Interplay between ultrafast electronic and librational dynamics in liquid nitrobenzene probed with two-color four-wave mixing

TL;DR

This study combines experimental and theoretical approaches to investigate how ultrafast electronic and librational motions interact in liquid nitrobenzene, revealing that near infrared pulses induce librational motion and electronic coherences detectable via four-wave mixing.

Contribution

It demonstrates the use of femtosecond pulses and quantum simulations to elucidate the coupling between electronic and librational dynamics in liquids, advancing ultrafast nonlinear optical spectroscopy.

Findings

Near infrared pulses launch librational motion.

Electronic coherences are generated during the process.

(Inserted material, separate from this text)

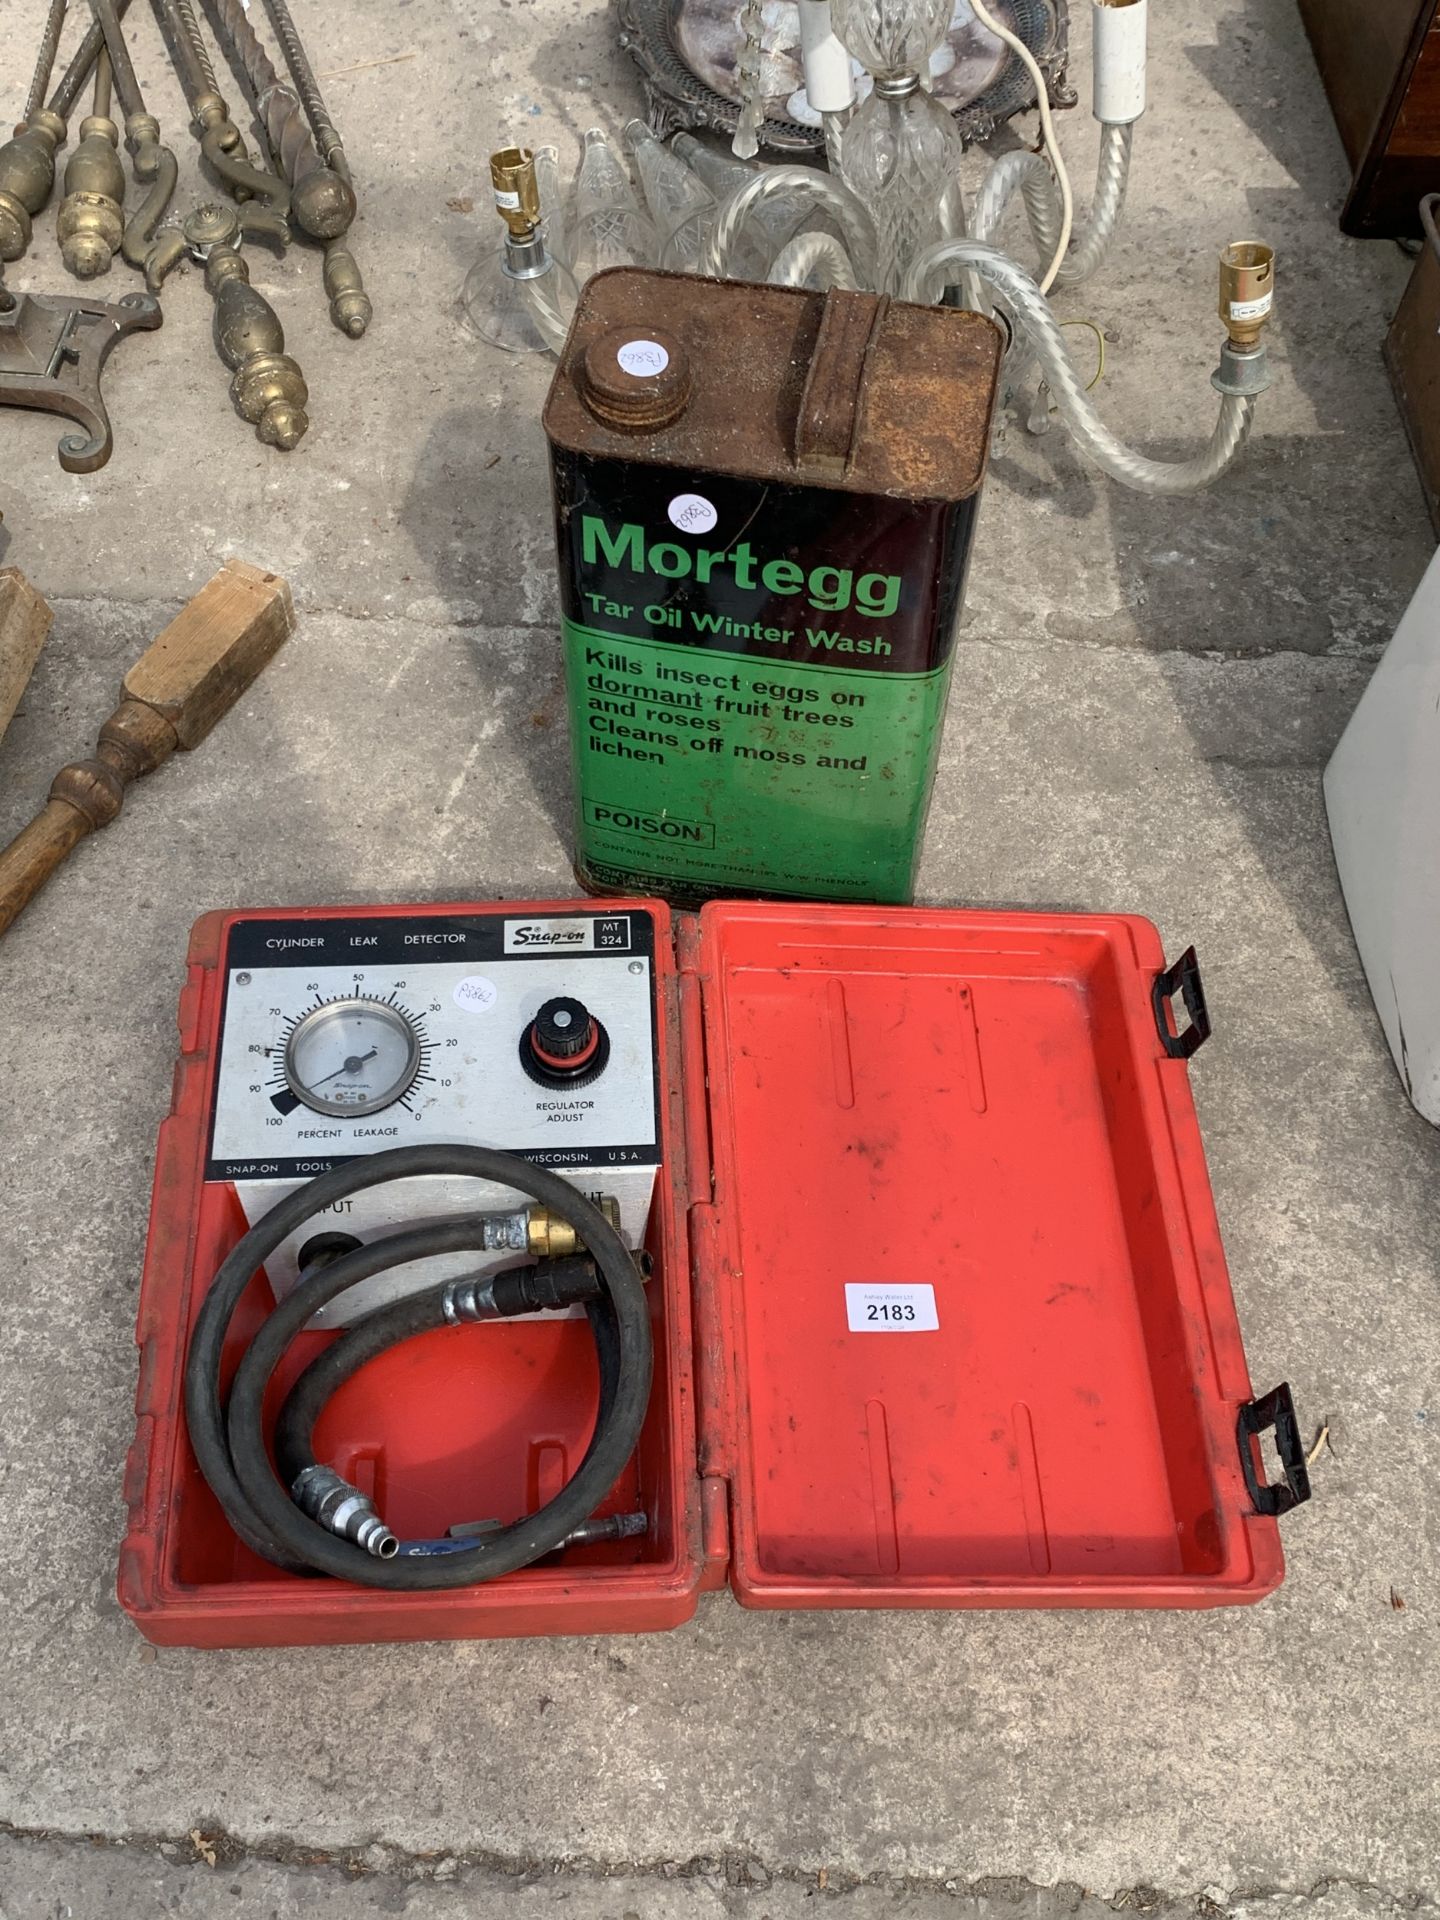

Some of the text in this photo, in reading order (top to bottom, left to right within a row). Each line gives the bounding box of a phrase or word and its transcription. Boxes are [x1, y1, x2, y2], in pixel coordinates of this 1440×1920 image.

The nonlinear signal indicates molecules are excited electronically.

Abstract

We present an experimental and theoretical study of the interplay between ultrafast electron dynamics and librational dynamics in liquid nitrobenzene. A femtosecond ultraviolet pulse and two femtosecond near infrared pulses interact with nitrobenzene molecules, generating a four-wave mixing nonlinear signal that is measured in the Optical Kerr Effect geometry. The near infrared nonlinear signal is measured to be non-zero only at negative time delays, corresponding to the near infrared pulses arriving earlier than the ultraviolet pulse. We perform time-dependent Quantum Master Equation calculations, which include a classical libration model, to simulate the experiment. The simulations support the conclusion that the near infrared pulses launch librational motion, while simultaneously creating electronic coherences that result in a libration-modulated electronic nonlinear response. Furthermore, we conclude that the measured nonlinear optical signal corresponds to a non-parametric process that leaves the molecules in an excited electronic state. This work provides new insight into ultrafast nonlinear optical interactions in liquids and is an important step towards probing ultrafast electronic coherences in large molecules in the liquid phase.